Stored data entries

★ ★ ★ ★

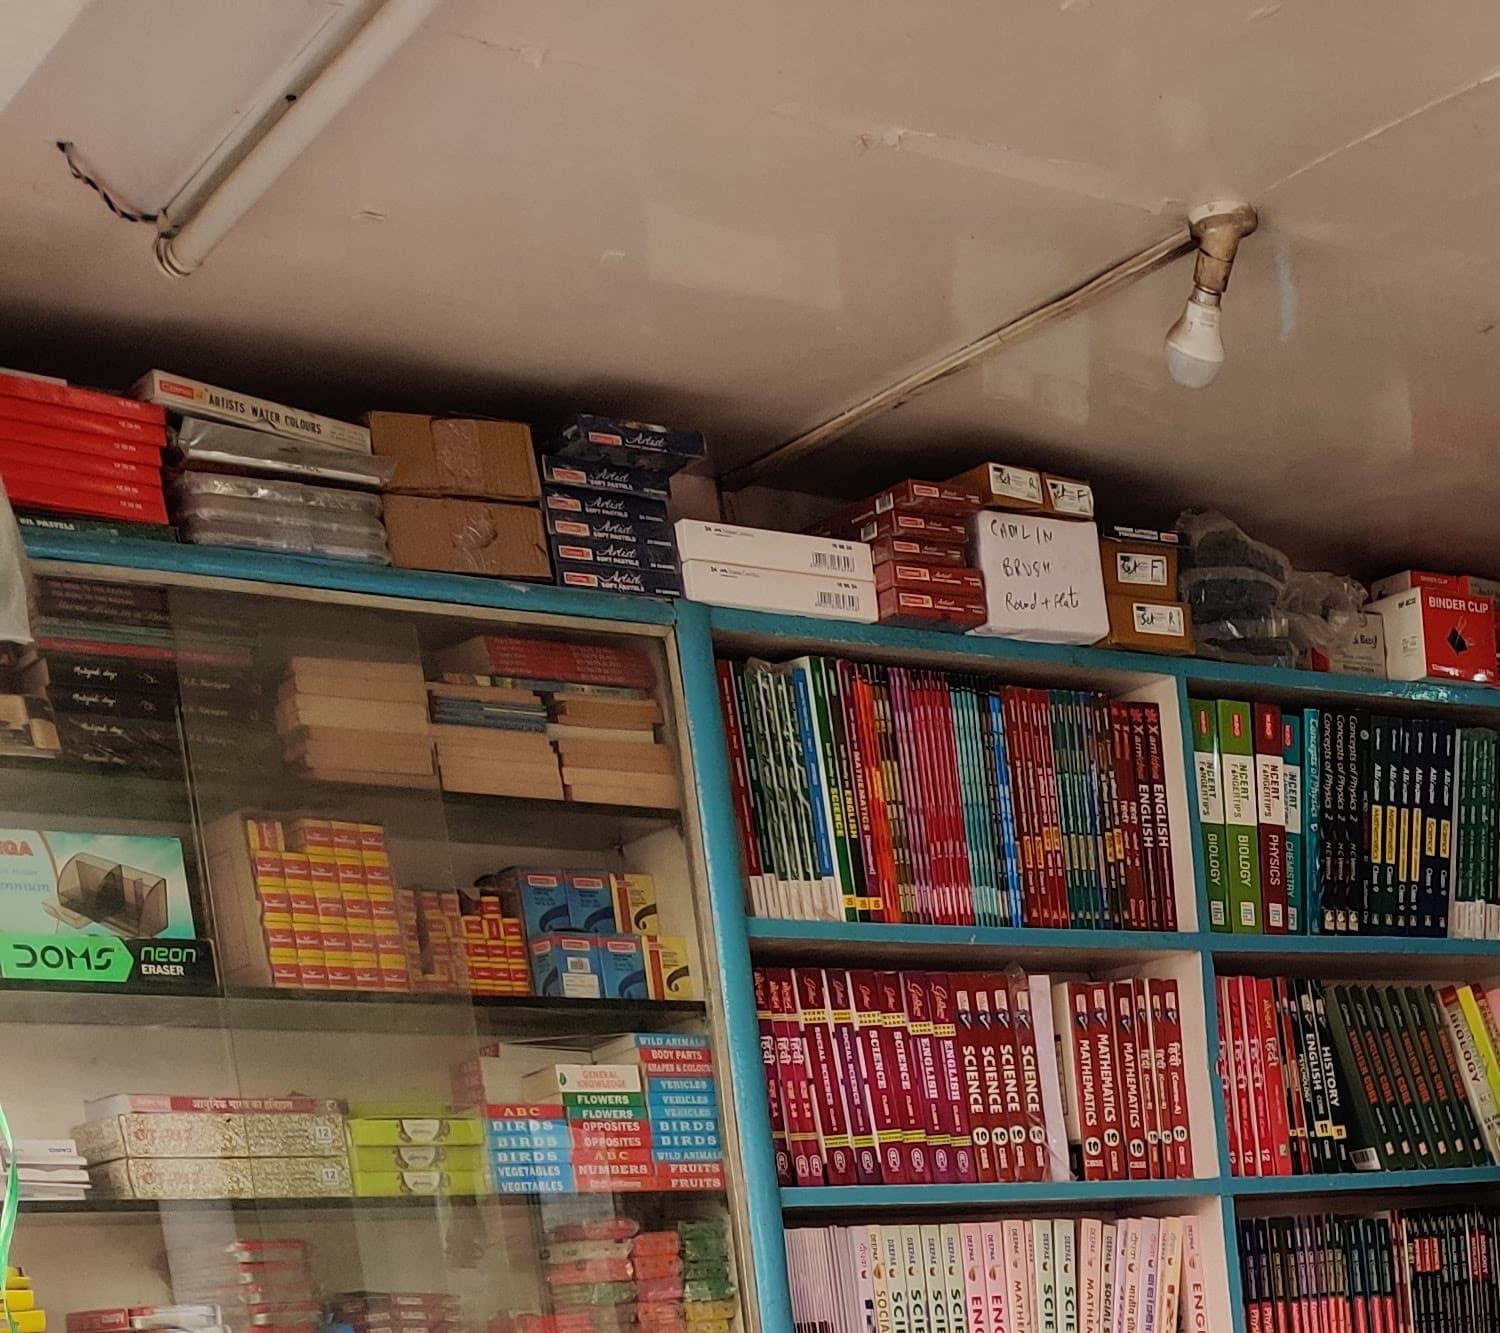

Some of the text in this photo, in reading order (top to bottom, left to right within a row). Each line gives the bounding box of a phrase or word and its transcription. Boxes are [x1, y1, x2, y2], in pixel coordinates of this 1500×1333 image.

[209, 394, 321, 435] ARTISTS WATER COLOURS
[625, 432, 665, 447] Artist
[1428, 596, 1489, 615] BINDER CLIP
[1206, 761, 1217, 799] NCERT
[1238, 761, 1249, 800] NCERT
[1269, 763, 1279, 801] NCERT
[1138, 784, 1153, 848] ENGLISH
[1153, 783, 1169, 847] ENGLISH
[1208, 834, 1222, 887] BIOLOGY
[1238, 835, 1252, 888] BIOLOGY
[1269, 834, 1281, 886] PHYSICS
[1285, 840, 1295, 898] CHEMISTRY
[12, 944, 115, 971] DOMS
[140, 947, 198, 964] neon
[141, 965, 184, 976] ERASER
[639, 1037, 706, 1047] WILD ANIMALS
[1451, 1013, 1480, 1083] BIOLOGY
[652, 1050, 702, 1061] BODY PARTS
[1306, 1033, 1321, 1090] ENGLISH
[583, 1070, 619, 1079] GENERAL
[963, 1046, 983, 1114] SCIENCE
[982, 1046, 1002, 1114] SCIENCE
[1098, 1034, 1116, 1123] MATHEMATICS
[1322, 1045, 1340, 1107] HISTORY
[577, 1079, 626, 1088] KNOWLEDGE
[661, 1080, 706, 1089] VEHICLES
[1080, 1040, 1097, 1126] MATHEMATICS
[1123, 1043, 1140, 1128] MATHEMATICS
[577, 1095, 629, 1104] FLOWERS
[662, 1095, 709, 1104] VEHICLES
[582, 1109, 633, 1119] FLOWERS
[665, 1109, 711, 1117] VEHICLES
[318, 1128, 329, 1137] 12
[583, 1122, 640, 1131] OPPOSITES
[660, 1122, 715, 1131] BIRDS
[975, 1129, 987, 1141] 10
[995, 1130, 1006, 1142] 10
[1012, 1128, 1023, 1140] 10
[585, 1137, 641, 1147] OPPOSITES
[662, 1136, 716, 1145] BIRDS
[500, 1151, 558, 1162] BIRDS
[657, 1151, 679, 1160] WILD
[325, 1170, 336, 1179] 12
[500, 1166, 561, 1176] VEGETABLES
[579, 1165, 648, 1175] NUMBERS
[671, 1164, 720, 1173] FRUITS
[502, 1181, 564, 1192] VEGETABLES
[671, 1178, 721, 1188] FRUITS
[1104, 1283, 1112, 1322] SOCIAL

★ ★ ★ ★

Exercise prompt » Leave the images out and print each entry exactly.

Exercise solution »
Some of the text in this photo, in reading order (top to bottom, left to right within a row). Each line gives the bounding box of a phrase or word and its transcription. Boxes are [x1, y1, x2, y2], in pixel coordinates of this 1500×1333 image.

[209, 394, 321, 435] ARTISTS WATER COLOURS
[625, 432, 665, 447] Artist
[1428, 596, 1489, 615] BINDER CLIP
[1206, 761, 1217, 799] NCERT
[1238, 761, 1249, 800] NCERT
[1269, 763, 1279, 801] NCERT
[1138, 784, 1153, 848] ENGLISH
[1153, 783, 1169, 847] ENGLISH
[1208, 834, 1222, 887] BIOLOGY
[1238, 835, 1252, 888] BIOLOGY
[1269, 834, 1281, 886] PHYSICS
[1285, 840, 1295, 898] CHEMISTRY
[12, 944, 115, 971] DOMS
[140, 947, 198, 964] neon
[141, 965, 184, 976] ERASER
[639, 1037, 706, 1047] WILD ANIMALS
[1451, 1013, 1480, 1083] BIOLOGY
[652, 1050, 702, 1061] BODY PARTS
[1306, 1033, 1321, 1090] ENGLISH
[583, 1070, 619, 1079] GENERAL
[963, 1046, 983, 1114] SCIENCE
[982, 1046, 1002, 1114] SCIENCE
[1098, 1034, 1116, 1123] MATHEMATICS
[1322, 1045, 1340, 1107] HISTORY
[577, 1079, 626, 1088] KNOWLEDGE
[661, 1080, 706, 1089] VEHICLES
[1080, 1040, 1097, 1126] MATHEMATICS
[1123, 1043, 1140, 1128] MATHEMATICS
[577, 1095, 629, 1104] FLOWERS
[662, 1095, 709, 1104] VEHICLES
[582, 1109, 633, 1119] FLOWERS
[665, 1109, 711, 1117] VEHICLES
[318, 1128, 329, 1137] 12
[583, 1122, 640, 1131] OPPOSITES
[660, 1122, 715, 1131] BIRDS
[975, 1129, 987, 1141] 10
[995, 1130, 1006, 1142] 10
[1012, 1128, 1023, 1140] 10
[585, 1137, 641, 1147] OPPOSITES
[662, 1136, 716, 1145] BIRDS
[500, 1151, 558, 1162] BIRDS
[657, 1151, 679, 1160] WILD
[325, 1170, 336, 1179] 12
[500, 1166, 561, 1176] VEGETABLES
[579, 1165, 648, 1175] NUMBERS
[671, 1164, 720, 1173] FRUITS
[502, 1181, 564, 1192] VEGETABLES
[671, 1178, 721, 1188] FRUITS
[1104, 1283, 1112, 1322] SOCIAL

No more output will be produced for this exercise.